[Exercise description]
Word for word, repeat all the entries below, but without the pictures.

Free-text object descriptions
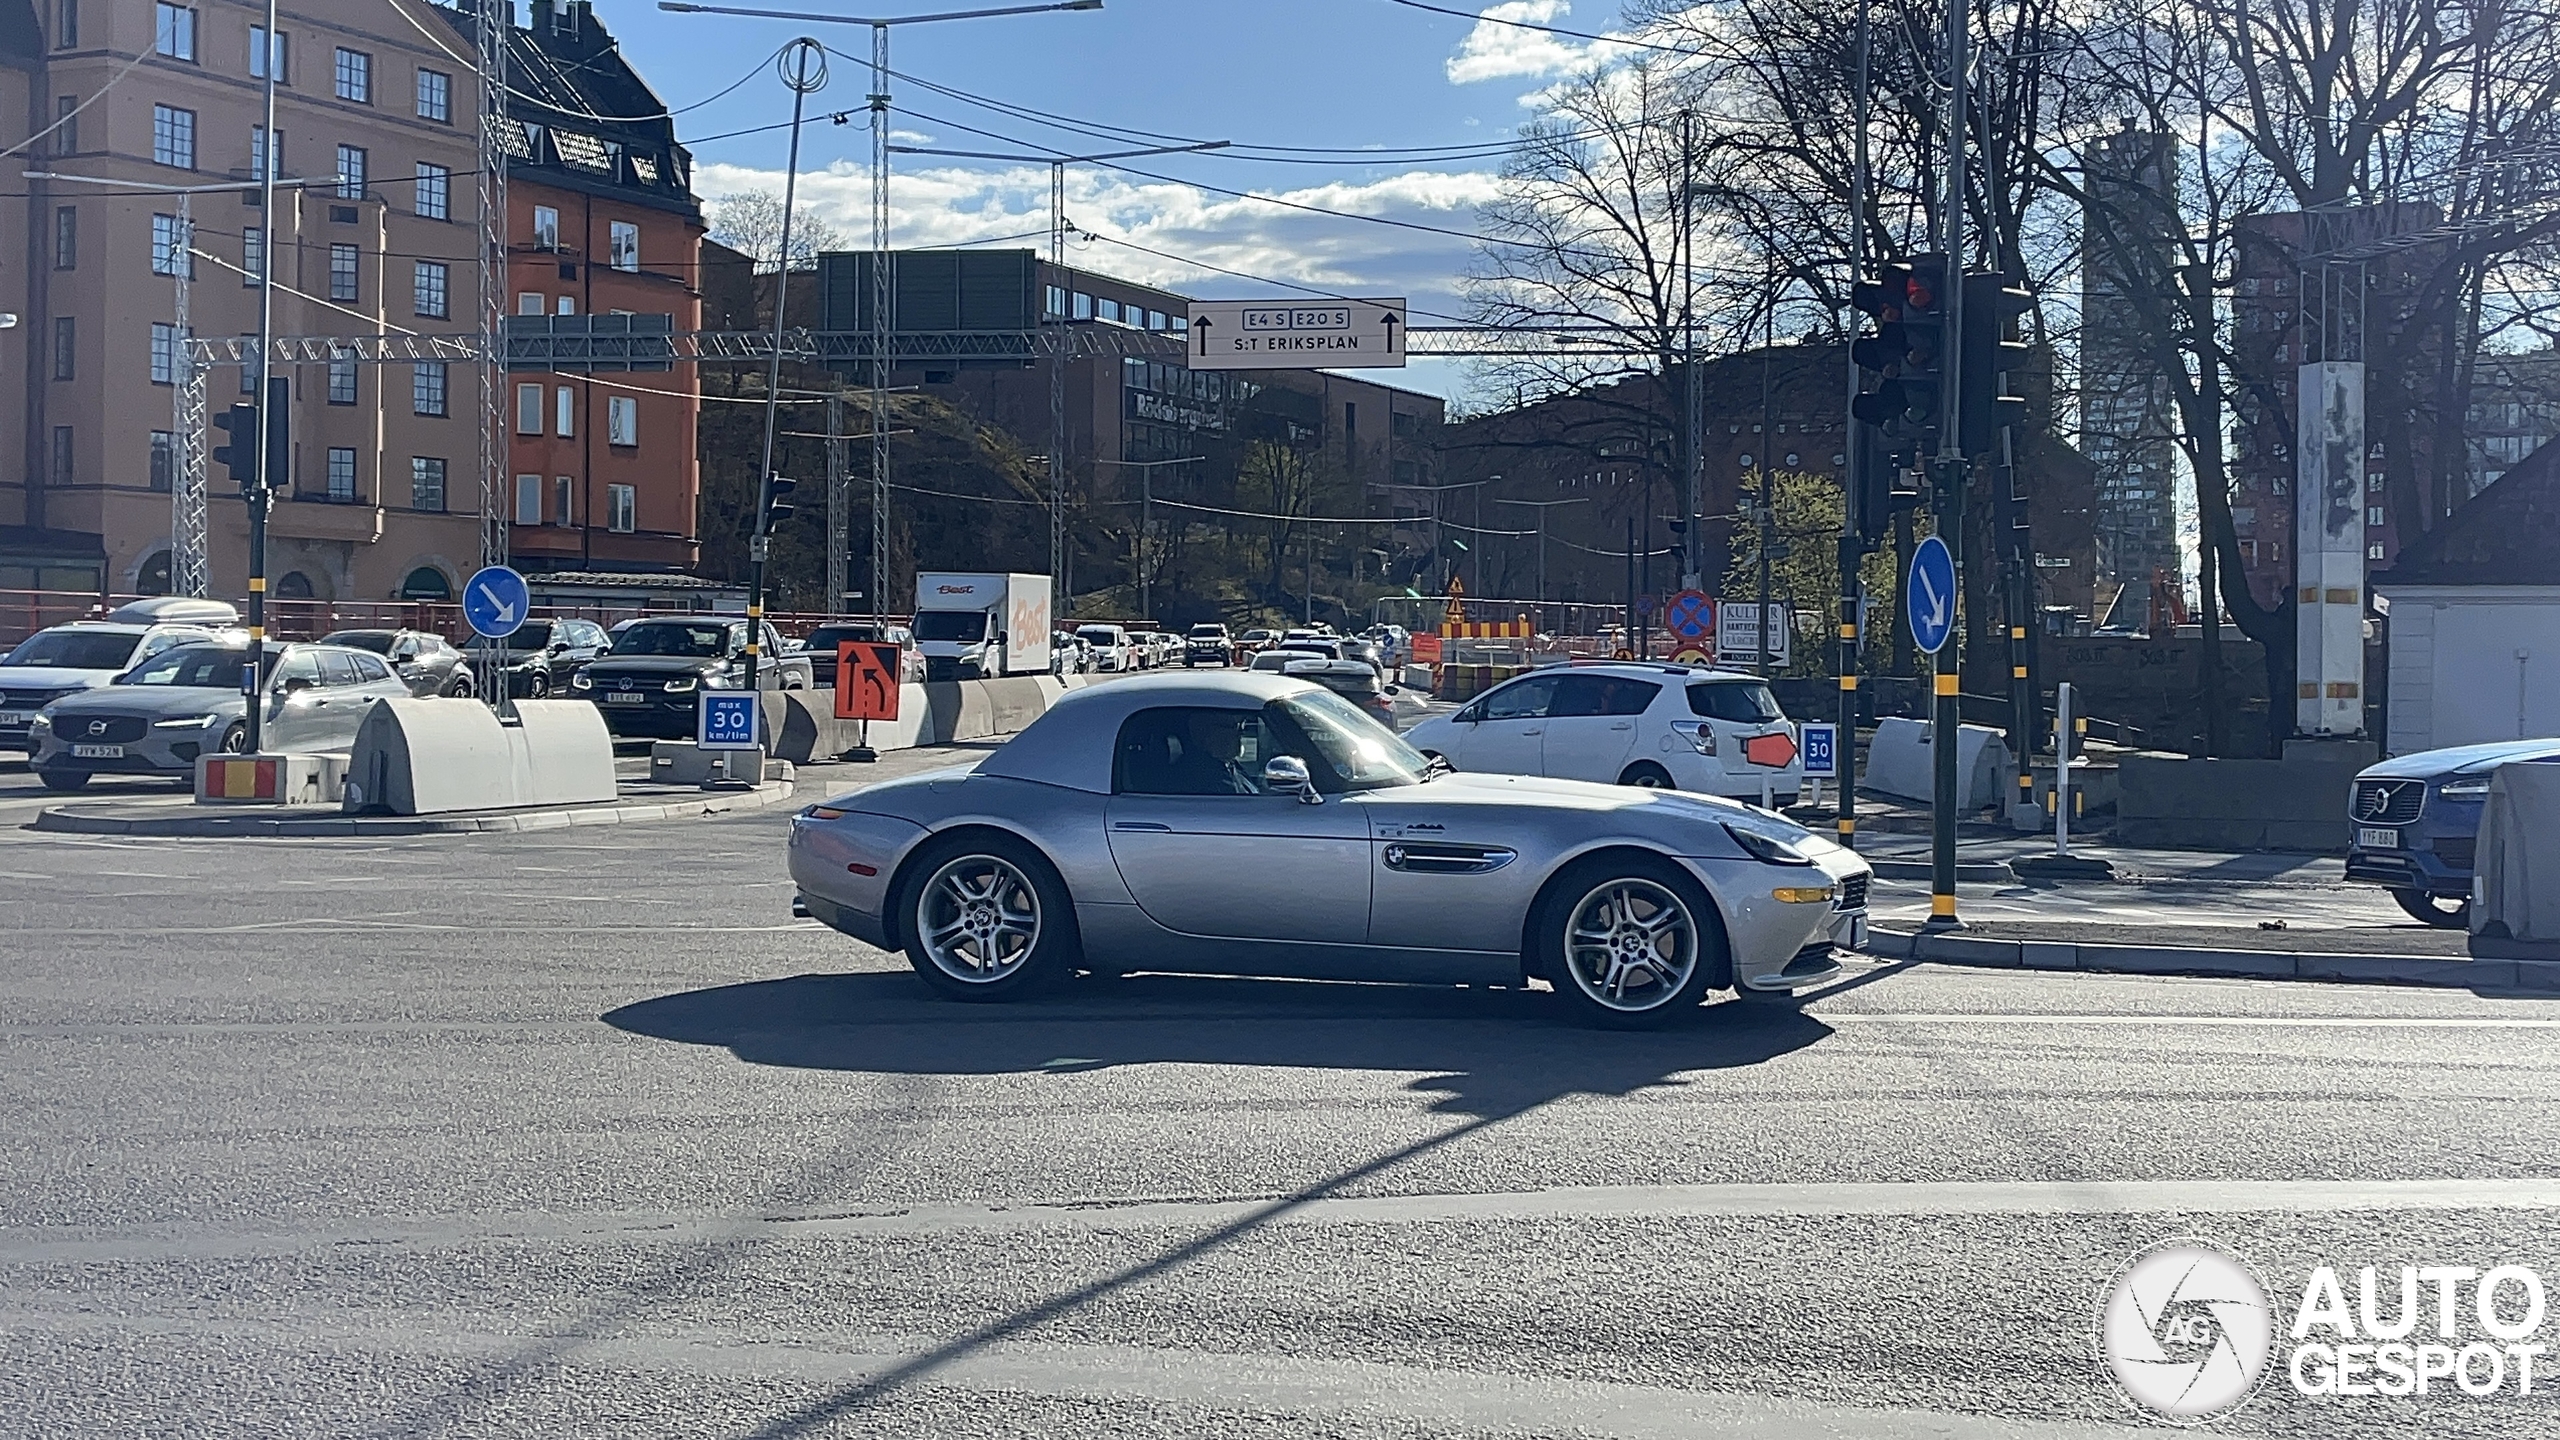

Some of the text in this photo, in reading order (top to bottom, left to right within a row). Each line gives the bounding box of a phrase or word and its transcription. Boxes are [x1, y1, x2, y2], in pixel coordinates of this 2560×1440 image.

[1249, 312, 1345, 326] E4 S E20 S
[1234, 336, 1358, 351] S:T ERIKSPLAN
[936, 584, 975, 594] Best
[1726, 605, 1778, 619] KULTR
[1012, 595, 1048, 652] Best
[714, 711, 745, 728] 30
[1809, 742, 1829, 758] 30

[Task result]
Some of the text in this photo, in reading order (top to bottom, left to right within a row). Each line gives the bounding box of a phrase or word and its transcription. Boxes are [x1, y1, x2, y2], in pixel coordinates of this 2560×1440 image.

[1249, 312, 1345, 326] E4 S E20 S
[1234, 336, 1358, 351] S:T ERIKSPLAN
[936, 584, 975, 594] Best
[1726, 605, 1778, 619] KULTR
[1012, 595, 1048, 652] Best
[714, 711, 745, 728] 30
[1809, 742, 1829, 758] 30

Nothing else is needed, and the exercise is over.